Abstract

HypothesisThe salinity at which the dynamic phase inversion of the reference system C10E4/n-Octane/Water occurs in the presence of increasing amounts of a test surfactant S2 provides quantitative information on the hydrophilic/lipophilic ratio and on the sensitivity to NaClaq of S2. ExperiencesThe Salinities causing the Phase Inversion (SPI) of the reference system mixed with 12 ionic and 10 nonionic well-defined surfactants are determined in order to quantify the contributions of the nature of the polar head and of the alkyl chain length. FindingsThe SPI varies linearly upon the addition of S2. The slope of the straight variation with the molar fraction of S2 is called the “SPI-slope”. It quantifies the hydrophilic/lipophilic ratio of S2 in saline environment and its salt-sensitivity with respect to the reference surfactant C10E4. The SPI-slopes of C12 surfactants bearing different polar heads are found to decrease in the following order: C12NMe3Br > C12E8 > C12E7 ≥C12SO3Na ≈ C12COONa ≥ C12SO4Na > C12E6 > C12E5 > C12E3. This classification is different from that obtained when the phase inversion is caused by a change in temperature (PIT-slope method) because the addition of NaCl in significant amounts (3 to 10 wt%) partially screens the ionic heads and diminishes their apparent hydrophilicities.
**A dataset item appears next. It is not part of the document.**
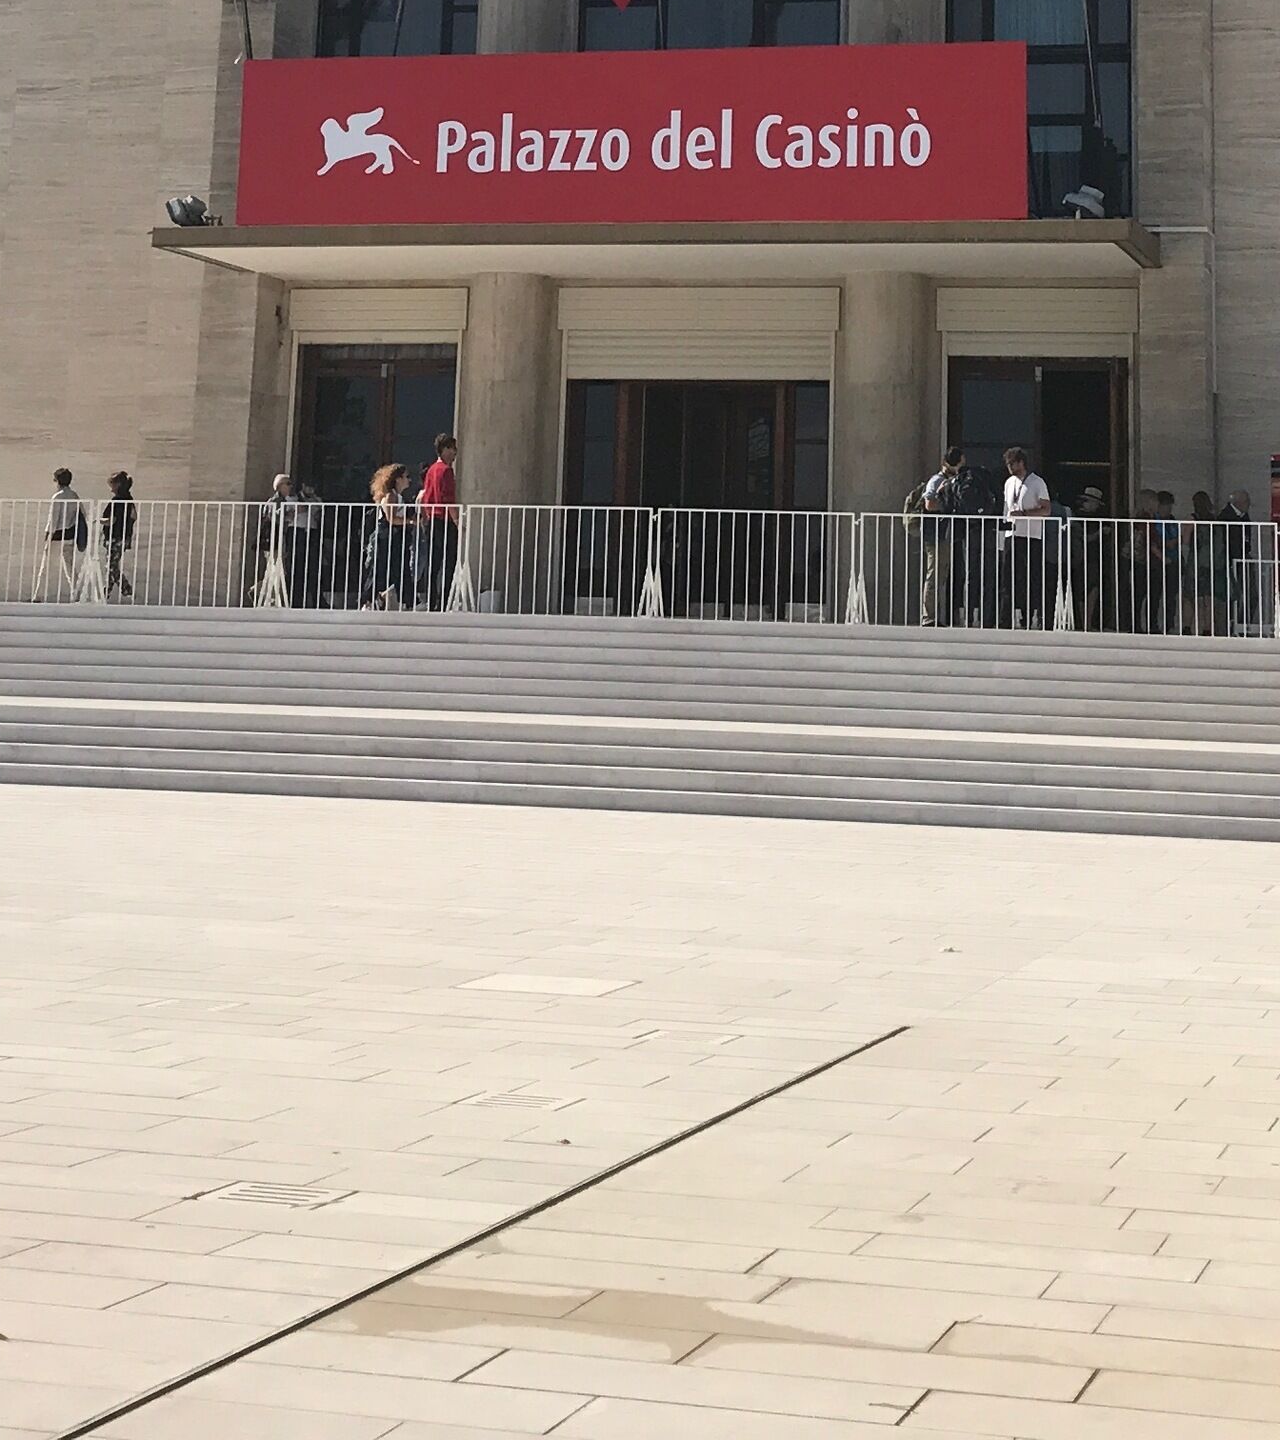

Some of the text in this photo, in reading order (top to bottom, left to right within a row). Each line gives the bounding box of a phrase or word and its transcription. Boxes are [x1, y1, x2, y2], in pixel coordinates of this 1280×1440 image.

[435, 107, 931, 173] Palazzo del Casinò
A simple model, valid for all types of nonionic surfactants, is developed on the basis of the HLDN equation (Normalized Hydrophilic-Lipophilic Deviation) to express the SPI-slope as a function of the hydrophilic/lipophilic ratio (PACN2) and the salinity coefficient (δ2) of S2. All studied surfactants are positioned on a 2D map according to the values of their SPI-slope and their PIT-slope to graphically highlight their hydrophilic/lipophilic ratio and their salt-sensitivity. Finally, a linear model connecting the PIT-slope and the SPI-slope is derived for nonionics, emphasizing that the thermal partitioning of C10E4 towards n-octane is much greater in the PIT-slope than in the SPI-slope experiments.